The estimated fair value of the Company’s asset retirement obligations at inception is determined by utilizing the income approach by applying a credit-adjusted risk-free rate, which takes into account the Company’s credit risk, the time value of money, and the current economic state, to the undiscounted expected abandonment cash flows. Given the unobservable nature of the inputs, the measurement of the asset retirement obligations was classified as Level 3 in the fair value hierarchy.

Deferred Financing Costs – Deferred financing costs include origination, legal and other fees to obtain or issue debt. These costs are deferred and reported on the balance sheet at cost, net of amortization. As the Company’s debt agreement is limited to lines of credit, total deferred financing costs are amortized on a straight line basis, which approximates the effective interest method, to interest expense over the term of the associated debt.

Revenue Recognition – The Company recognizes crude oil, natural gas and natural gas liquids (“NGLs”) revenues from its interests in producing wells when production is delivered to, and title has transferred to, the purchaser and to the extent the selling price is reasonably determinable. The Company uses the sales method of accounting for natural gas balancing of natural gas production and would recognize a liability if the existing proven reserves were not adequate to cover the current imbalance situation. As of December 31, 2015, the Company’s natural gas production was in balance, meaning its cumulative portion of natural gas production taken and sold from wells in which it has an interest was materially consistent with its entitled interests in natural gas production from wells.

Concentrations of Credit Risk – As of December 31, 2015, the Company’s primary market consists of operations in the Midland Basin of West Texas in the United States. The Company has concentration of oil and gas production revenues and receivables due from the operators of wells in which we hold non-operated working interests. Our exposure to non-payment or non-performance by the operators, our customers and counterparties presents a credit risk. Generally, non-payment or nonperformance results from a customer’s or counterparty’s inability to satisfy obligations. We monitor the creditworthiness of our customers and counterparties and established credit limits according to our credit policies and guidelines, but cannot assure that any losses will be consistent with our expectations.
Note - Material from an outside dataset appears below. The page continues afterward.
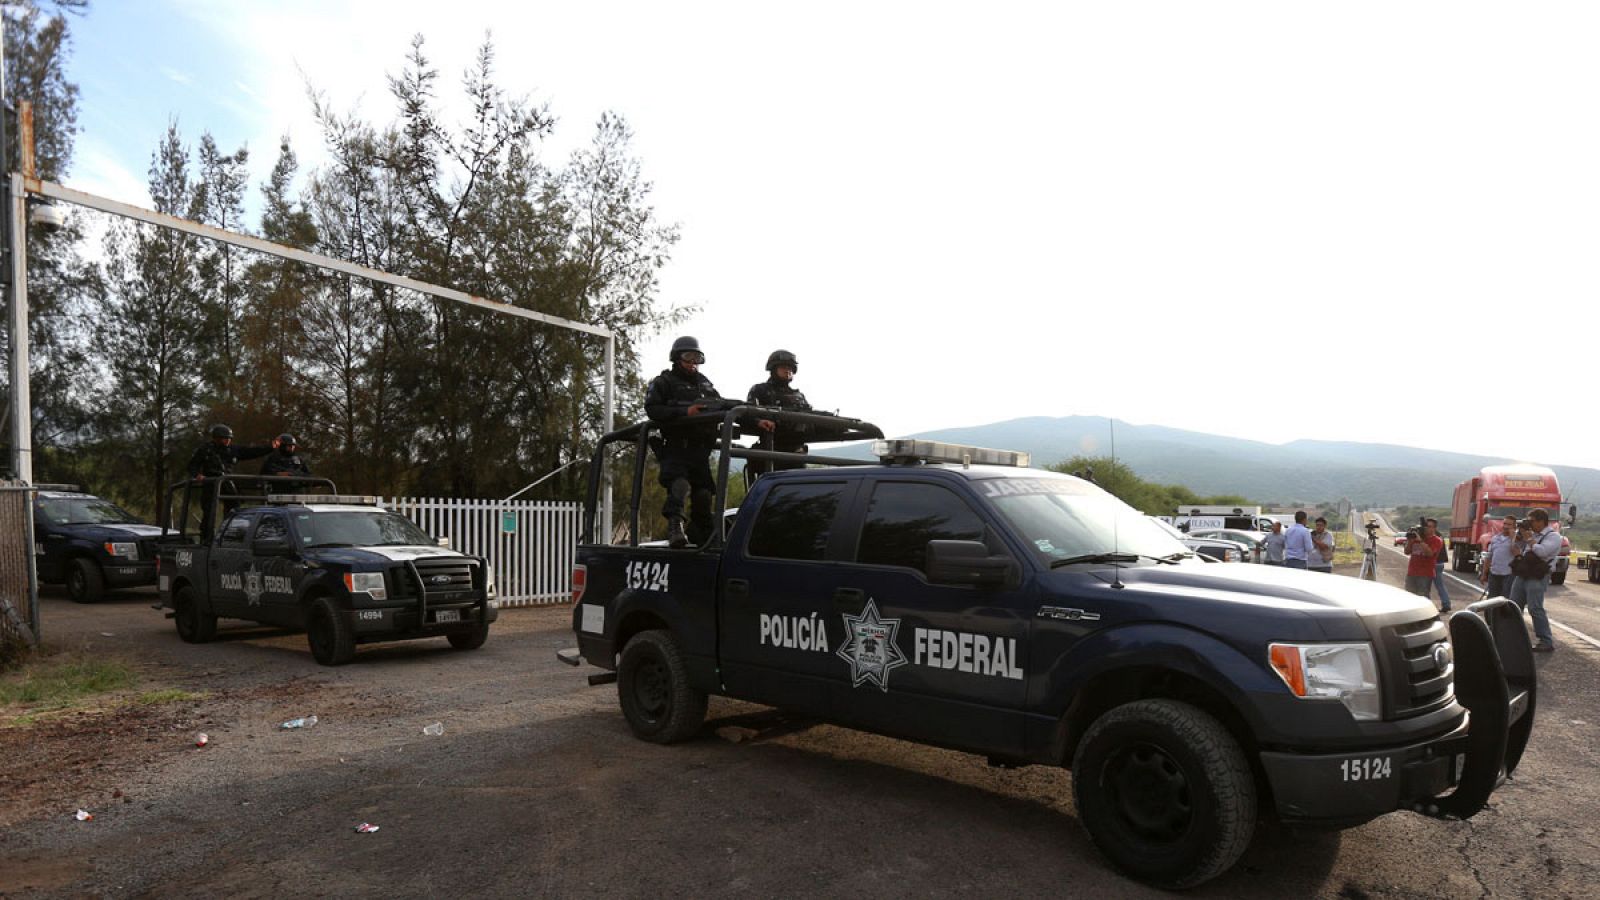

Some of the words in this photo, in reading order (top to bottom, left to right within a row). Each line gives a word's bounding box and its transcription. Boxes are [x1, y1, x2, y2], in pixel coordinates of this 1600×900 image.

Furthermore, the concentration of our customers in the energy industry may impact our overall exposure to credit risk as customers may be similarly affected by prolonged changes in economic and industry conditions. The Company actively pursues to invest in non-operated wells with financially stable and experienced operators in the respective areas of exploration, development and production. Although the Company is exposed to a concentration of credit risk, management believes the loss of revenue from any one customer would not significantly affect the Company’s financial or operational performance.

For the year ended December 31, 2015, the following third-party operators accounted for a significant portion of the Company’s total revenue:

 

     For the Year Ended
December 31, 2015
 

Permian Resources, LLC

     28

Crownquest Operating, LLC

     22

Encana Corporation

     15

Apache Corporation

     15

Qstar, LLC

     9
  

 

 

 
     89
  

 

 

 

Equity-Based Compensation – Prior to the formation and inception of DEEP, the Parent had issued its own Series B Units (the “Parent Incentive Units”) to certain employees of the Parent. The expense associated with the Parent Incentive Unit’s recorded at the Parent has been allocated to the Company and included in general and administrative expense in the accompanying statement of operations. See further discussion regarding the Parent’s B Units and the allocation of associated expense in “Note 6. Equity-Based Compensation”.

 

11


Fair Value Hierarchy – Fair value represents the price that would be received to sell the asset or paid to transfer the liability in an orderly transaction between market participants at the reporting date. The Company’s assets and liabilities that are measured at fair value at each reporting date are classified according to a hierarchy that prioritizes inputs and assumptions underlying the valuation techniques. This fair value hierarchy gives the highest priority to quoted prices in active markets for identical assets or liabilities and the lowest priority to unobservable inputs, and consists of three broad levels:

 

    Level 1—Assets and liabilities recorded at fair value for which values are based on unadjusted quoted prices for identical assets or liabilities in an active market that management has the ability to access. Active markets are considered to be those in which transactions for the assets or liabilities occur in sufficient frequency and volume to provide pricing information on an ongoing basis.

 

    Level 2—Assets and liabilities recorded at fair value for which values are based on quoted prices in markets that are not active or model inputs that are observable either directly or indirectly for substantially the full term of the asset or liability. Substantially all of these inputs are observable in the marketplace throughout the full term of the price risk management instrument and can be derived from observable data or supported by observable levels at which transactions are executed in the marketplace.

 

    Level 3—Assets and liabilities recorded at fair value for which values are based on prices or valuation techniques that require inputs that are both unobservable and significant to the overall fair value measurement. Unobservable inputs that are not corroborated by market data. These inputs generally reflect management’s own assumptions about the assumptions a market participant would use in pricing the asset or liability.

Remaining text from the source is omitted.